By GLEN WERLING
Members of the Ossian Town Council Monday night gave their support for Ossian Days to be held Sept. 15-17.
The 100 blocks of East and West Craig Street will be closed again and the town employees will lend their assistance in helping get the midways ready to accommodate the vendors and rides.
Ossian Days Committee members Darrell Reynolds and Rose Barrick informed the council that their goal is to contract the same ride vendor as the street festival has had in the past.
The council members also approved contracting API Construction of LaOtto to replace water lines on Hickory and Shady Lanes in the Rose Ann Heights subdivision.
API’s bid of $447,660 was the lowest of two received for the project, with the other being $525,000 from Bercot Inc. of Fort Wayne.
Bercot’s bid was right at the engineer’s estimate of the cost of the project at $525,000.
The council also approved renewing property, inland marine, crime, auto, liability, errors and omissions, cyber liability, and umbrella coverage insurance for 2022 at a premium cost of $62,942.
Although insurance on buildings was increased substantially, the premium for 2022 will be $2,997 less than 2021’s premium, explained Tom Neuenschwander of Amstutz Insurance, the local agent for the coverage.
The council also renewed its contract with retired assistant clerk-treasurer Sally Bracke, who has been lending her expertise to the town in the wake of the opening created by the resignation of clerk-treasurer Erika Allison.
Bracke’s part-time services will be retained at a rate of $50 an hour.
The golf cart ordinance was updated by the council members to require registration stickers to be displayed on the back of the cart, mandate that the only crossings at which carts will be permitted to cross busy Jefferson Street will be 90-degree crossings, and any valid licensed driver may drive a cart, but those under age 18 will not be permitted to operate carts after dark nor have more than two passengers under the age of 18 on the cart with them.
The 90-degree crossing was put as an amendment to the ordinance because apparently people operating the carts were using the town hall’s parking lot as a de facto 90-degree crossing coming off Morton Lane, which T-intersects Jefferson Street across from the parking lot.
The former provisions of the ordinance restricted cart operation to those 18 and older, but Sgt. Stephanie Tucker of the Ossian Police Department observed that it wasn’t very fair to have 16 and 17-year-old auto drivers who couldn’t drive carts.

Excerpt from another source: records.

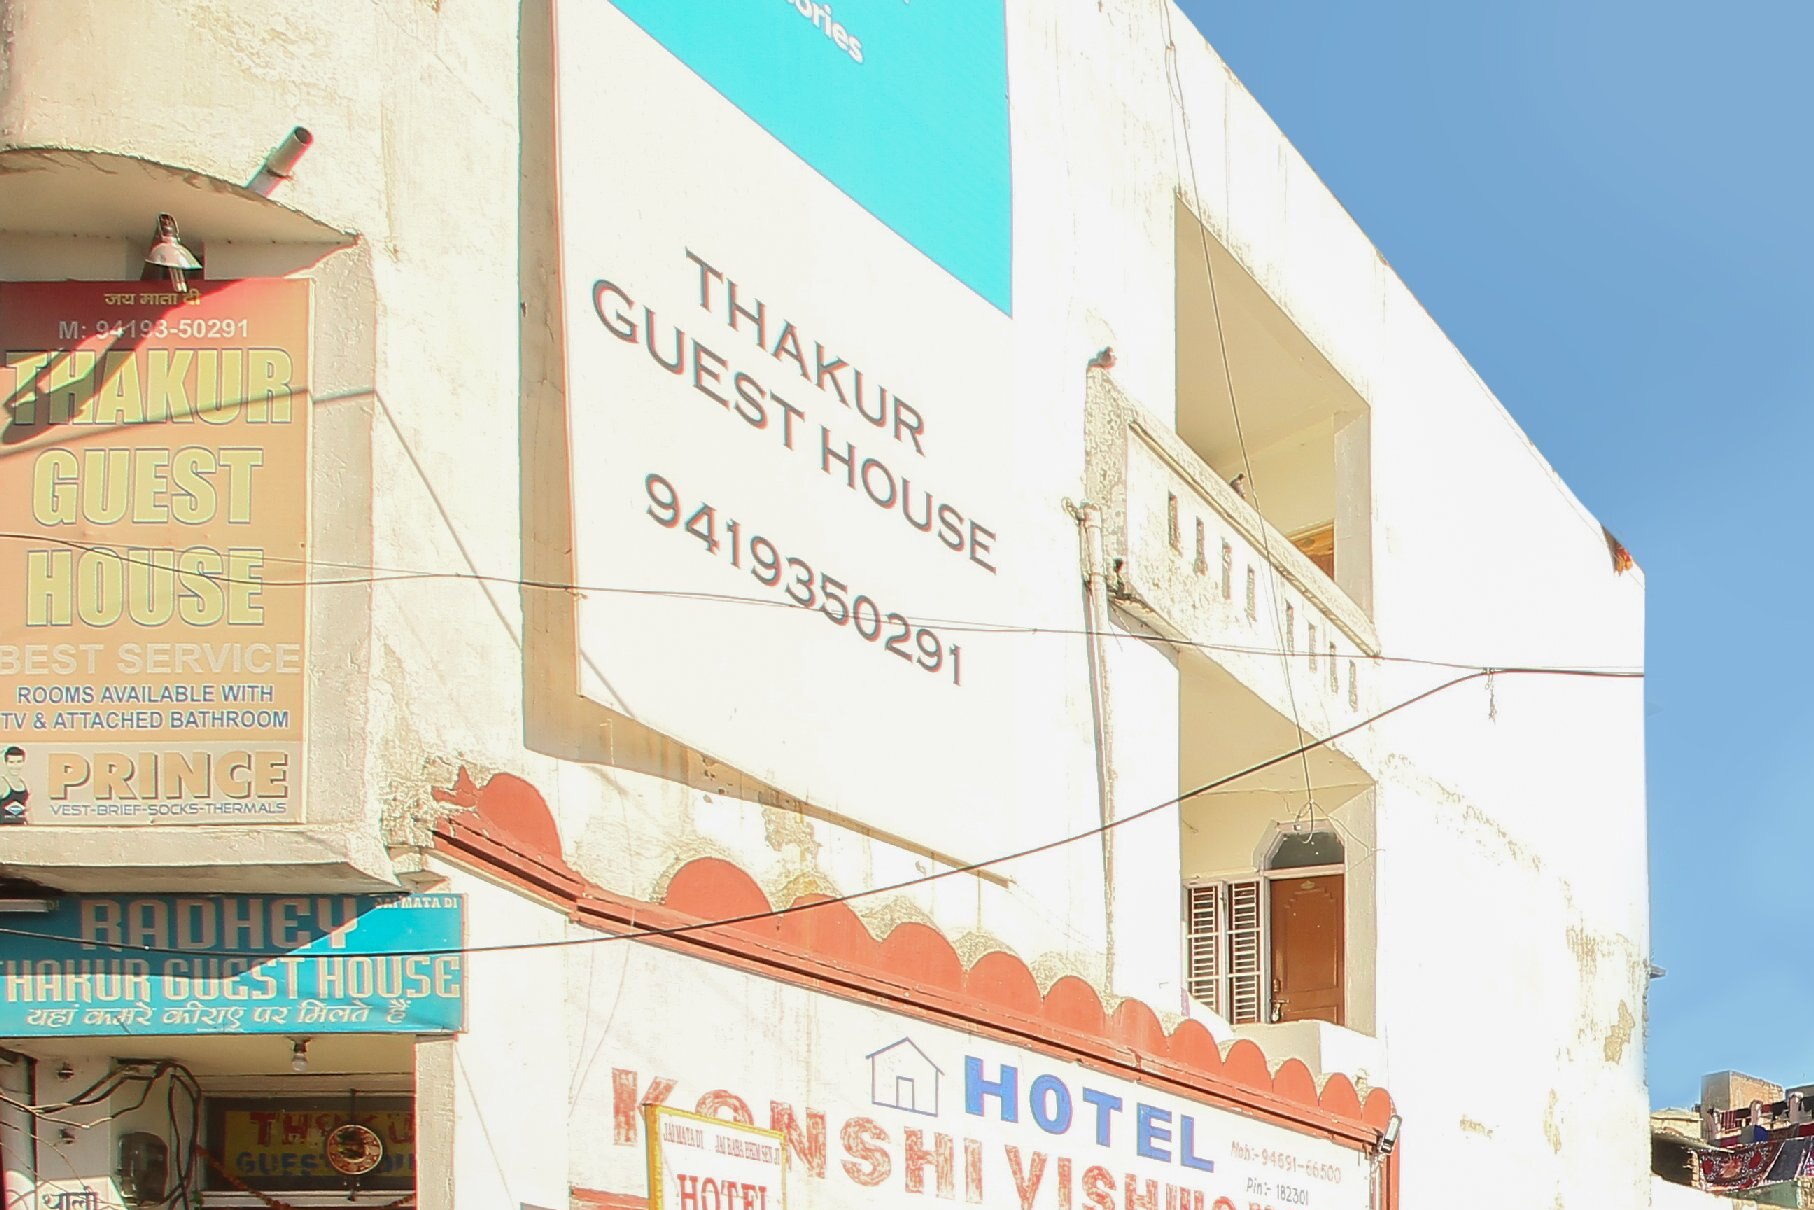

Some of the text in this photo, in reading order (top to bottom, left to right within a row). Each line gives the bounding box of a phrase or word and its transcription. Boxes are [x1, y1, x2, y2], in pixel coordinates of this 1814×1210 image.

[785, 0, 864, 64] ories
[104, 292, 136, 306] जय
[140, 292, 178, 306] माता
[95, 318, 249, 340] 94193-50291
[684, 246, 927, 456] THAKUR
[4, 347, 294, 426] THAKUR
[592, 278, 998, 576] GUEST HOUSE
[32, 446, 264, 527] GUEST
[26, 547, 266, 628] HOUSE
[644, 473, 963, 686] 9419350291
[0, 642, 301, 676] BEST SERVICE
[1, 711, 289, 729] TV & ATTACHED BATHROOM
[18, 685, 274, 704] ROOMS AVAILABLE WITH
[49, 750, 289, 801] PRINCE
[50, 802, 287, 817] VEST-BRIEF-SOCKS-THERMALS
[80, 898, 358, 950] RADHEY
[402, 897, 441, 909] MATA
[444, 897, 458, 909] DI
[0, 955, 461, 1002] HAKUR GUEST HOUSE
[26, 1004, 80, 1027] यहां
[82, 1001, 156, 1027] कमरे
[252, 1006, 292, 1026] पर
[296, 999, 373, 1025] मिलते
[963, 1054, 1215, 1173] HOTEL
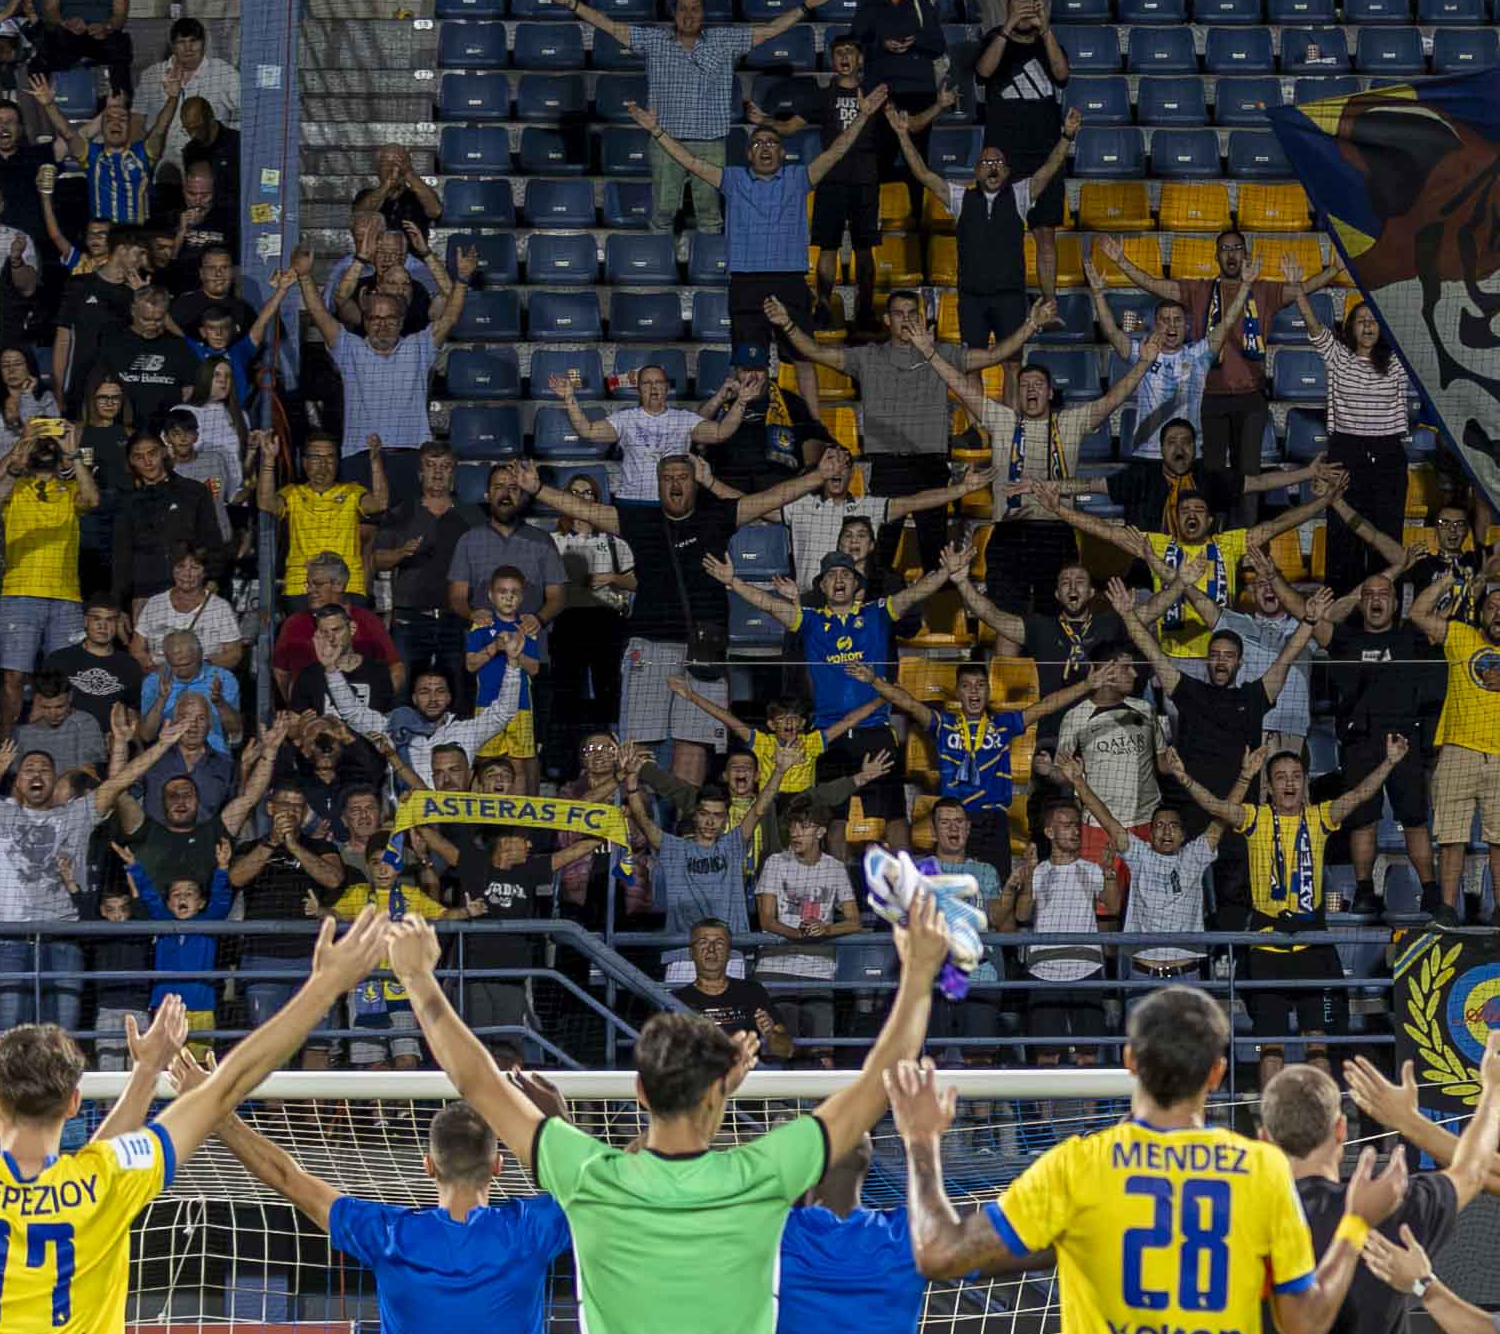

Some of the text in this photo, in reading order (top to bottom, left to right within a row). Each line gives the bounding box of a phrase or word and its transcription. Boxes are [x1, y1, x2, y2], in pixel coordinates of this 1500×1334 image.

[836, 97, 859, 109] JUS
[1097, 733, 1146, 753] QATAR
[422, 797, 606, 830] ASTERAS FC
[1299, 833, 1313, 913] ΑΣΤΕΡ
[1112, 1140, 1250, 1176] MENDEZ
[1122, 1175, 1231, 1314] 28

The council also agreed to pay SoundCloud.com $144 a year to post the town’s meeting minutes online, decided to delay action on posting 25 mph speed limit signs in the town’s subdivisions until Town Manager Luann Martin can determine how many signs will be needed, and took the town’s two utility clerks off probation, allowing them to take vacations receive holiday pay and be able to take personal time.

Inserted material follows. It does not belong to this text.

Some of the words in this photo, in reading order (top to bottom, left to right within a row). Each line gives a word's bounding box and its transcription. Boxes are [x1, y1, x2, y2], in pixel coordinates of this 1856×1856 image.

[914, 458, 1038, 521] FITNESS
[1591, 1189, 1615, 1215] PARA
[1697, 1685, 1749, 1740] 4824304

The clerks have been employed three months and are doing a good job for the town, Martin said.
The council also hired Douglas Rydman as seasonal mowing help, gave Tucker permission to dispose of five obsolete in-car police laptop computers and made an adjustment of $181.86 to a utility customer’s water bill whose lateral water line burst, leaking water into the customer’s yard not the sewer.
The council agreed to postpone action on a police pay matrix and a request by the Regional Chamber of Northeast Indiana seeking $5,000 from the town to help pay for the Northeast Indiana Strategic Development Commission.
Regarding the pay matrix, the council acknowledged that it needs to be rewritten to reflect pay in dollars per hour, not straight salary, as that is how the rest of the salary ordinance is written.
The matrix was also rewritten writing out the police chief as a beneficiary of the pay raises that the department will be receiving to bring it more in line with what other law enforcement employees in the area are paid.
This did not appear to sit well with Police Chief Dave Rigney, but Town Council President Josh Barkley said that any questions or concerns needed to be addressed to the council’s liaison on the matter, Dennis Ealing. Barkley repeated that several times in the waning minutes of the meeting when the topic came up.
The council also wanted to postpone handing over $5,000 to the Regional Chamber before finding out how that monetary contribution to the chamber will be used.